::: GIVEN ENTRIES

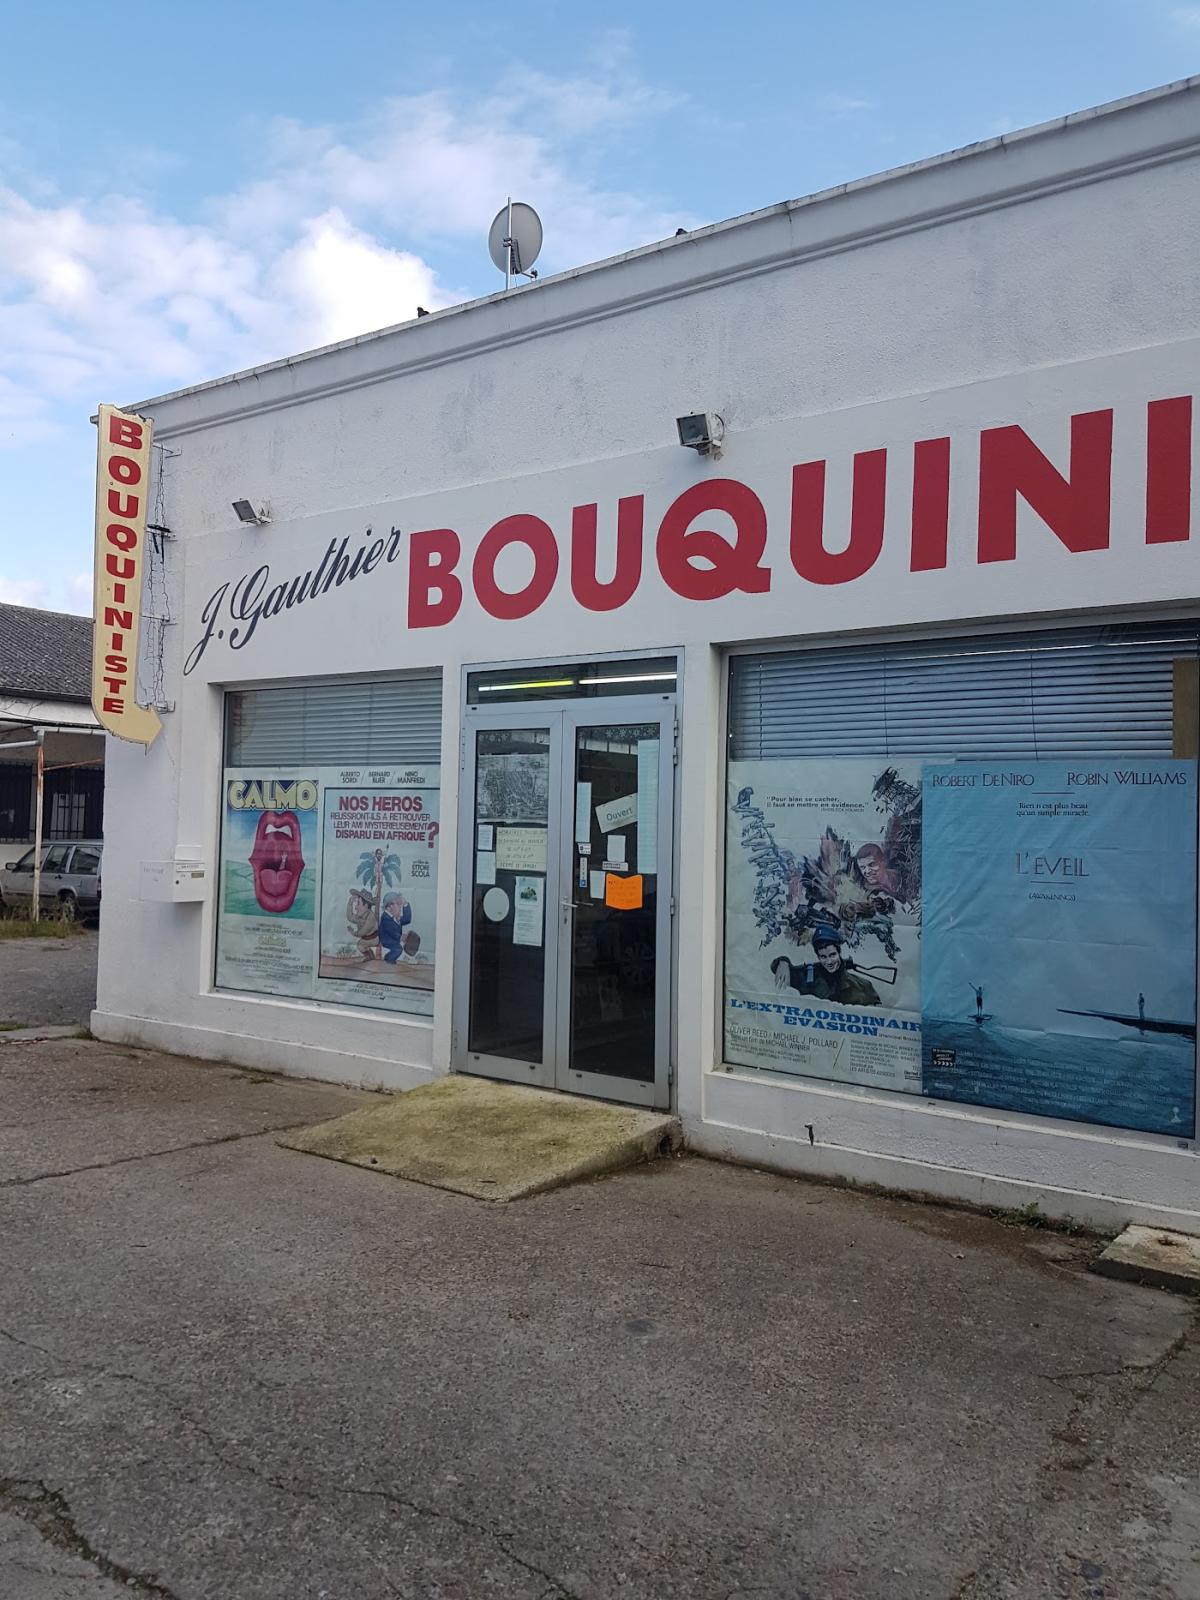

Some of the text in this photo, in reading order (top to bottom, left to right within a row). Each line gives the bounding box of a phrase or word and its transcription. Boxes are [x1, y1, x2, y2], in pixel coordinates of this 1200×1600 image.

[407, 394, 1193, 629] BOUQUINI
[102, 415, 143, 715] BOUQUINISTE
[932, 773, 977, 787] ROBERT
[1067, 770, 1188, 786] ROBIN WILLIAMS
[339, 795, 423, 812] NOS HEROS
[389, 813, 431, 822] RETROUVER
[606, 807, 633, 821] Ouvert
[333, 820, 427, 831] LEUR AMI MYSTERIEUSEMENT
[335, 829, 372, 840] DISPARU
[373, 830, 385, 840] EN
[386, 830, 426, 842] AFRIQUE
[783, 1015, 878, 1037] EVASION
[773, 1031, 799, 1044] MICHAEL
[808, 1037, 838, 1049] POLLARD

::::::

Word for word, give the entries above again, with no images included.

Some of the text in this photo, in reading order (top to bottom, left to right within a row). Each line gives the bounding box of a phrase or word and its transcription. Boxes are [x1, y1, x2, y2], in pixel coordinates of this 1200×1600 image.

[407, 394, 1193, 629] BOUQUINI
[102, 415, 143, 715] BOUQUINISTE
[932, 773, 977, 787] ROBERT
[1067, 770, 1188, 786] ROBIN WILLIAMS
[339, 795, 423, 812] NOS HEROS
[389, 813, 431, 822] RETROUVER
[606, 807, 633, 821] Ouvert
[333, 820, 427, 831] LEUR AMI MYSTERIEUSEMENT
[335, 829, 372, 840] DISPARU
[373, 830, 385, 840] EN
[386, 830, 426, 842] AFRIQUE
[783, 1015, 878, 1037] EVASION
[773, 1031, 799, 1044] MICHAEL
[808, 1037, 838, 1049] POLLARD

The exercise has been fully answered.